Bienvenido a la Tierra Pura de la Luz Serena, un recurso sobre el Verdadero Budismo (一乘佛教), y sus posteriores ramificaciones, a la luz de las Enseñanzas Perfectas y Completas (圓教). Aquí presentamos el Budismo como religión, filosofía y estilo de vida, con énfasis en la Budología (Teología Budista), aspirando a presentar el Budismo balanceadamente entre la academia (estudios budistas) y la devoción, desde el punto de vista de una escuela tradicional de Budismo Japonés (Tendai-Escuela del Loto Reformada) y las enseñanzas universales del Sutra del Loto (法華経).
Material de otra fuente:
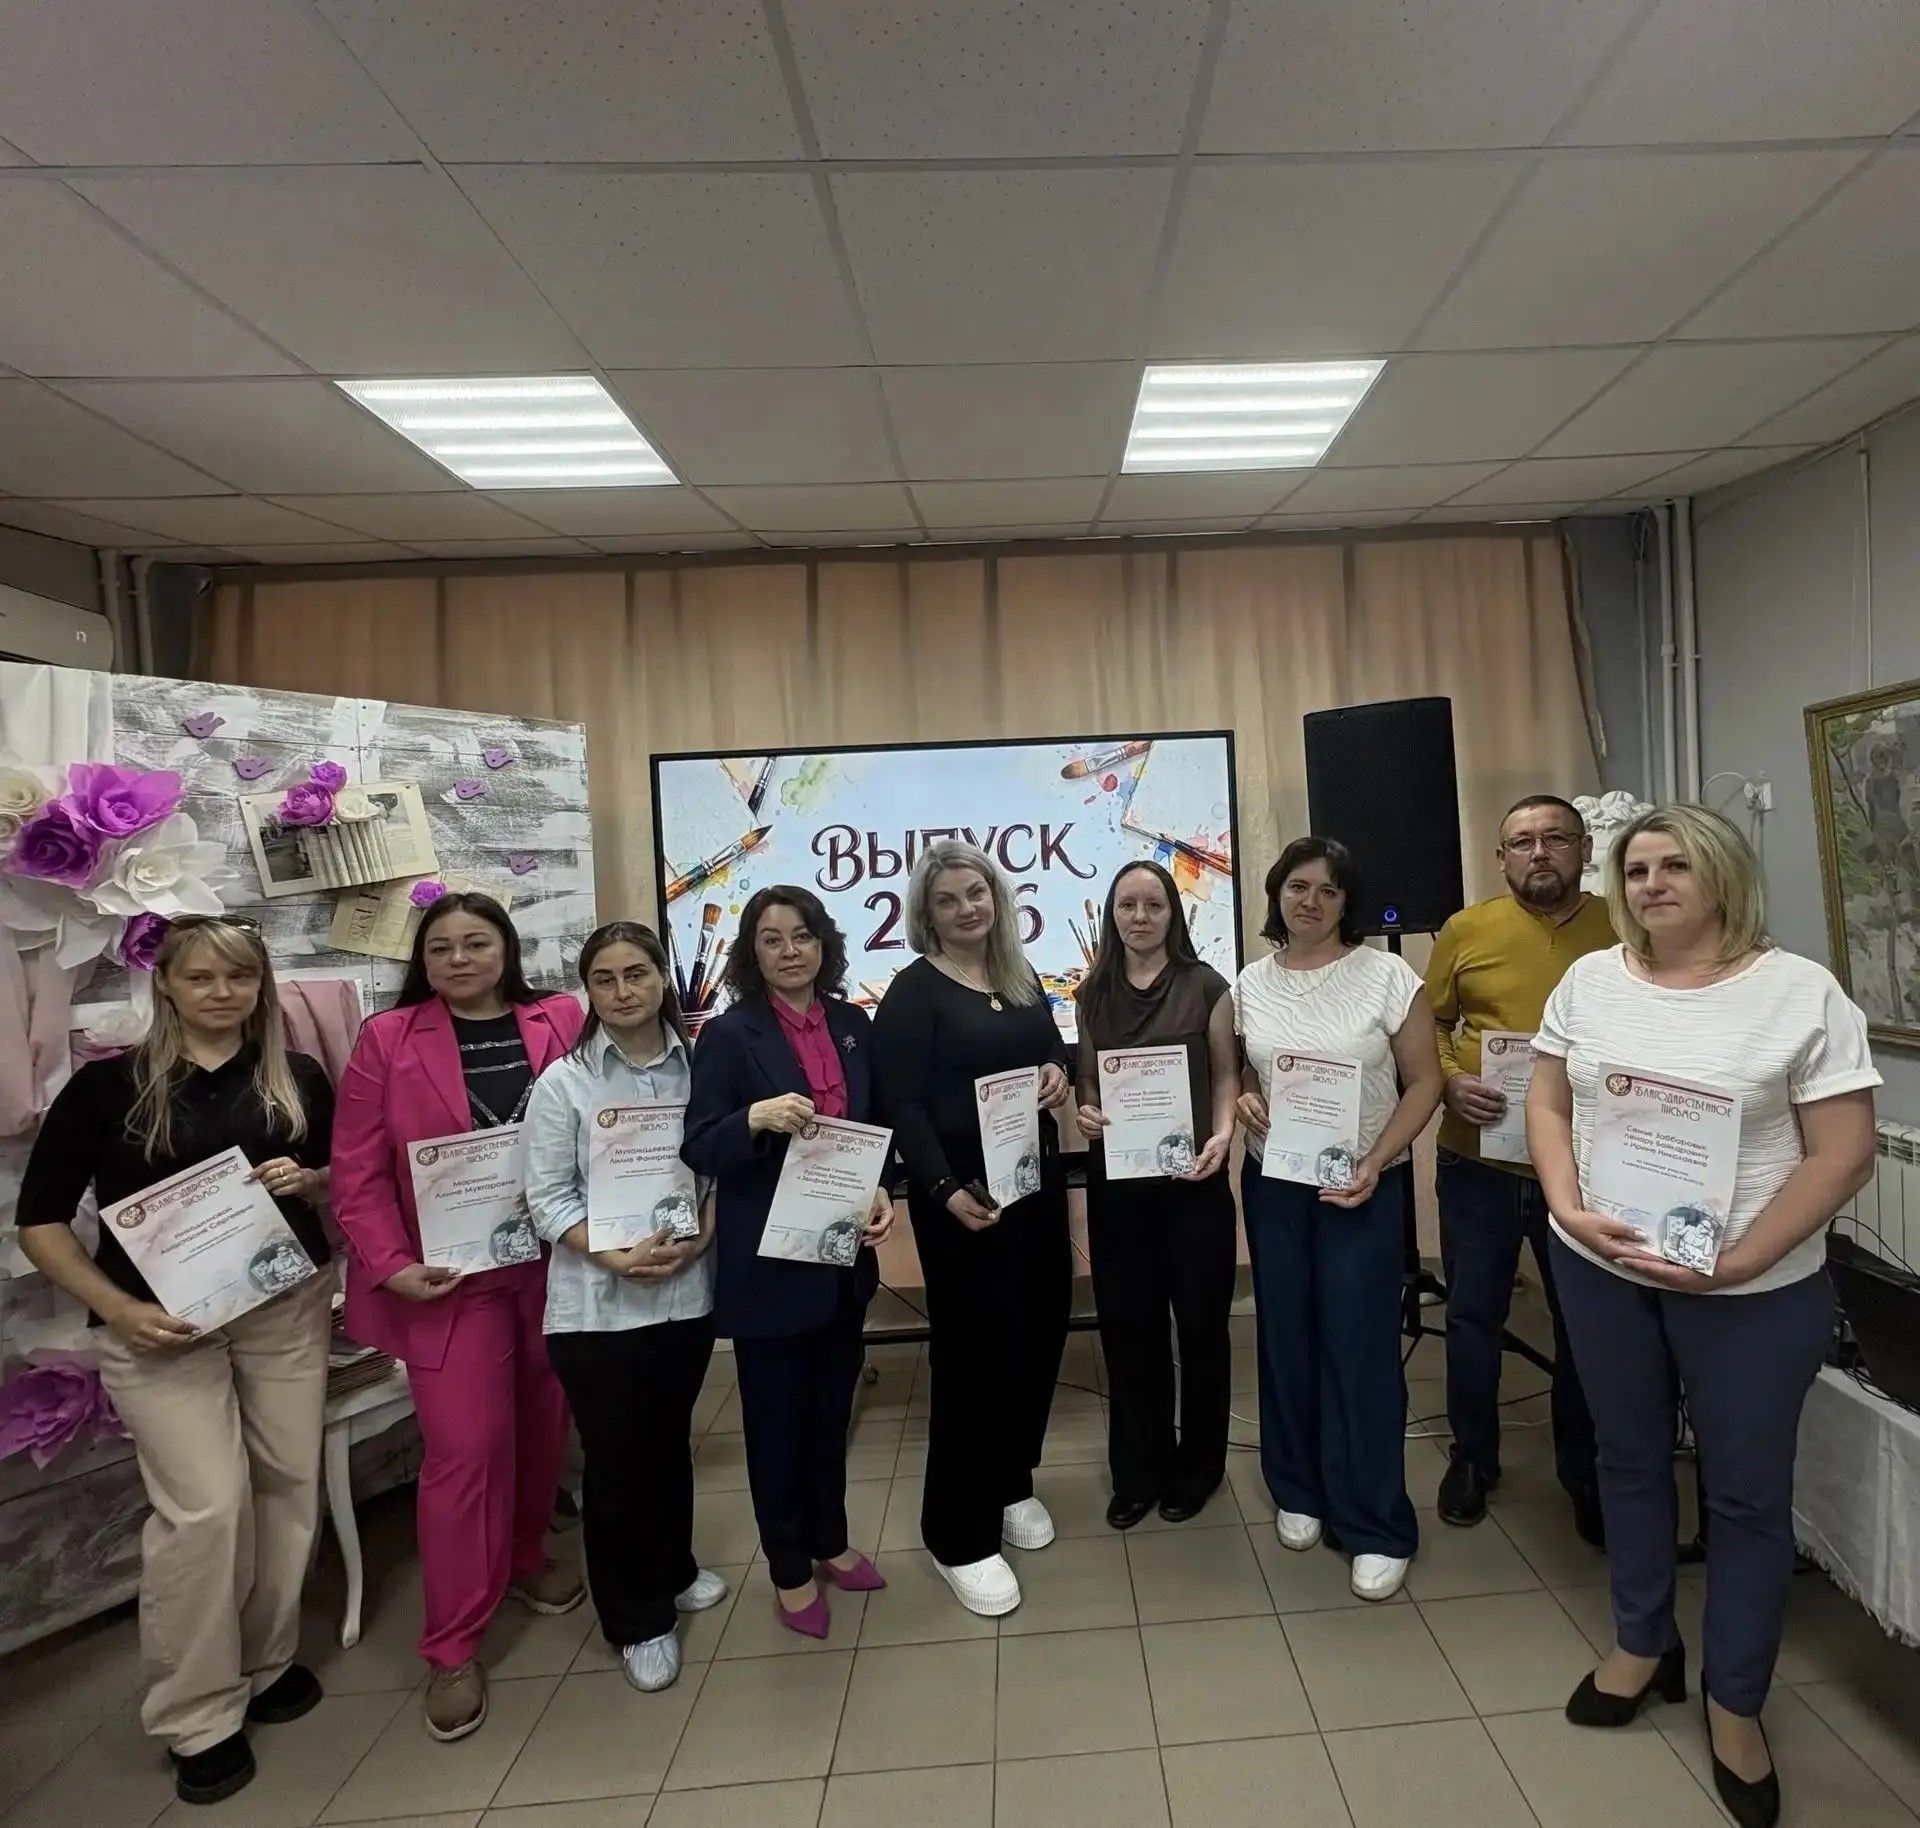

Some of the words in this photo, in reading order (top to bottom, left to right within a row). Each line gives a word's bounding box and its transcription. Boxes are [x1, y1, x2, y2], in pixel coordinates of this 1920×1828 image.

[863, 882, 1046, 952] 26
[1633, 1085, 1732, 1118] БЛАГОДАРСТВЕННОЕ
[1661, 1103, 1700, 1122] ПИСЬМО
martes, 1 de septiembre de 2026

¿Qué Alegría hay en las Montañas? Poema del Maestro Kukai

 


¿Qué alegría se encuentra en las montañas?
Al fin has olvidado por completo el camino de regreso.
Con un solo texto sagrado entre las manos,
vestido con un hábito gastado por largos años de uso,
empapado por la lluvia, humedecido por las nubes,
vagas errante entre el polvo del mundo.
¿Por qué soportar en vano el hambre y la fatiga?
¿Qué provecho puede haber en una vida como ésta?
¿Qué maestro habría de juzgar recto semejante sendero?

¿Acaso no lo ves? ¿Acaso no lo has oído?
El Monte Grdhrakuta, en Magadha,
fue la morada de Shakyamuni.
El Monte Tai de China
fue la morada de Manjushri.
Yo no soy sino uno que abandona el mal y cultiva el bien,
un huésped que procura saldar su deuda con el Dharma,
tomando por hogar la totalidad del Reino del Dharma.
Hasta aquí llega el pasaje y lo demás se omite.